Closed ndrswlkr closed 1 year ago
Interesting, that has to be a bug in the HTML parser port. Because i've used very large HTML files to test the parser, and it's much faster than the Perl version.
Looks like this is a problem with broken HTML triggering an edge case in the V8 regex engine that makes it match very very slowly.
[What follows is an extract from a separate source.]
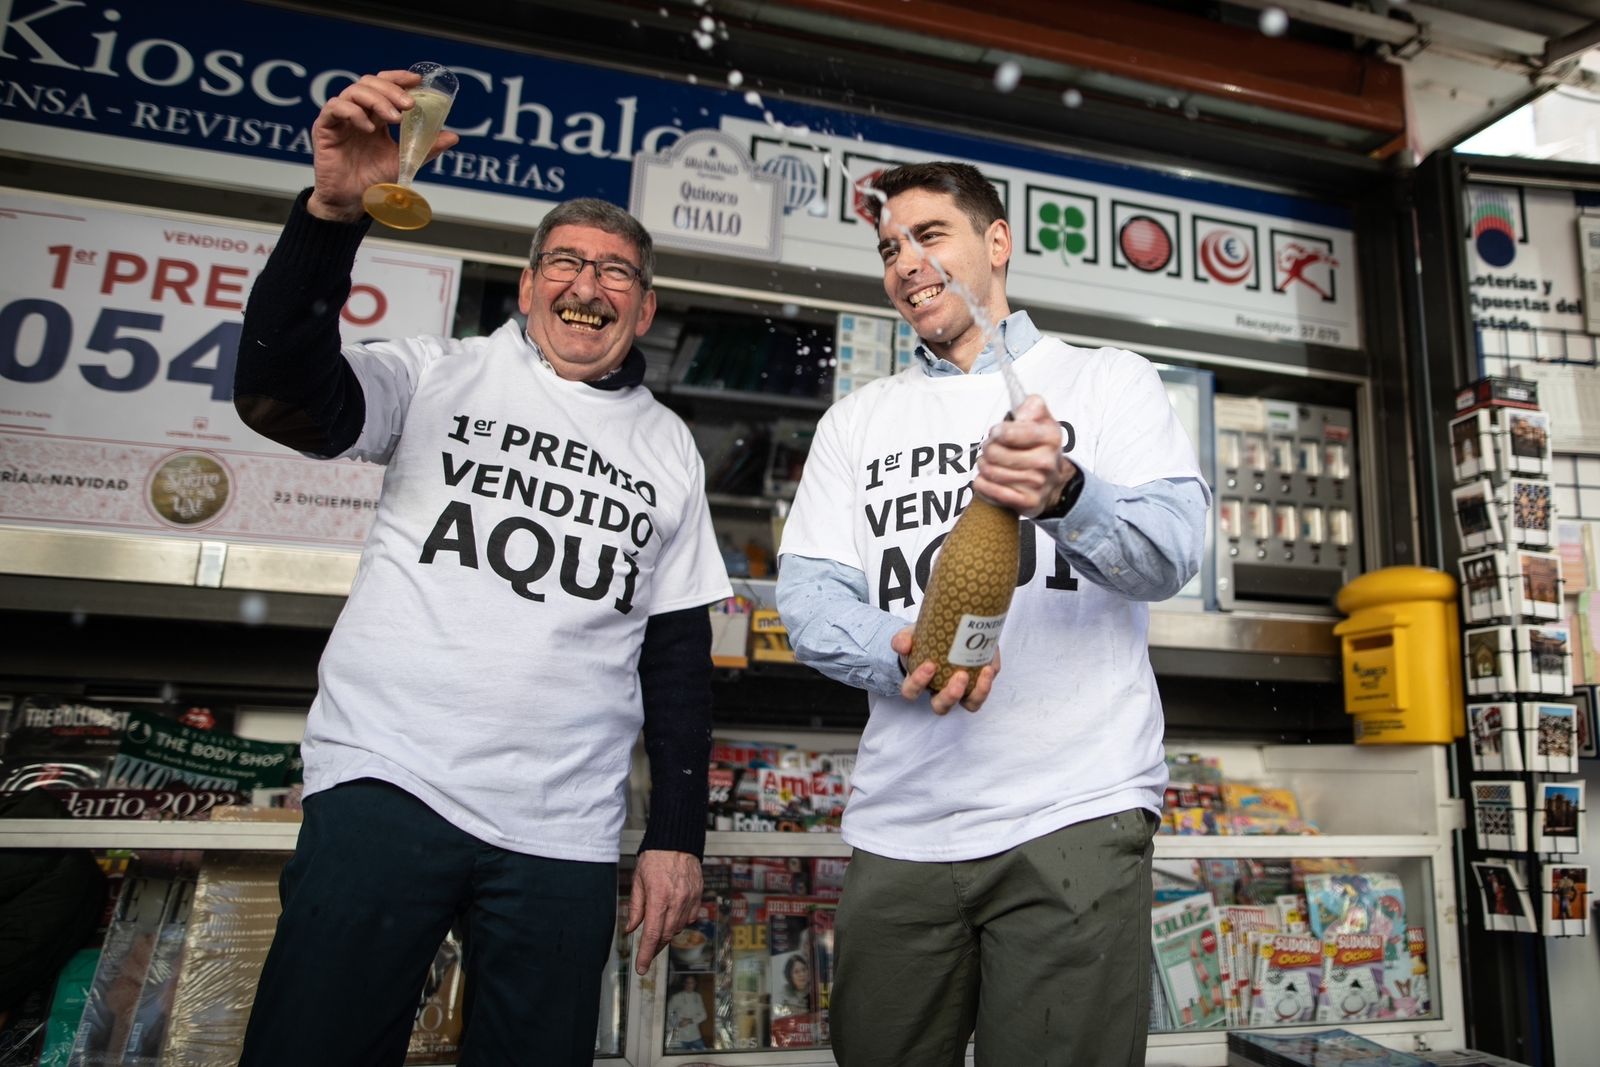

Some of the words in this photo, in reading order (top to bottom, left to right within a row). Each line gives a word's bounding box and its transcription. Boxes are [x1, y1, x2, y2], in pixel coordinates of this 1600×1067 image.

Here's a test case to trigger it:
t.test('Runaway "<"', t => {
const dom = new DOM(`
<table>
<tr>
<td>
<div class="test" data-id="123" data-score="3">works</div>
TEST 123<br />
Test 12-34-5 test >= 75% and < 85% test<br />
Test 12-34-5 -test foo >= 5% and < 30% test<br />
Test 12-23-4 n/a >=13% and = 1% and < 5% test tset<br />
Test 12-34-5 test >= 1% and < 5% foo, bar, baz<br />
Test foo, bar, baz 123-456-78 test < 1% foo, bar, baz yada, foo, bar and baz, yada
</td>
</tr>
</table>
`);
t.equal(dom.at('.test').text(), 'works');
t.end();
});
And it's this regex:
const ATTR_RE = new RegExp(`([^<>=\\s/]+|/)(?:\\s*=\\s*(?:(?<quote>["'])(.*?)\\k<quote>|([^>\\s]*)))?\\s*`, 'ys');
const TAG_RE = new RegExp(`<\\s*(\\/)?\\s*([^<>\\s]+)\\s*((?:${ATTR_RE.source})*?)>`, 'ys');
The Perl regex engine does require some recursion workaround here too, so i feared there could be similar problems with V8. And it seems you've uncovered one. It's probably the attribute matching going over the whole remainder of the file after a broken<
in the text section.
It's not a perfect fix, but at least it covers this case. There will probably be others like it though.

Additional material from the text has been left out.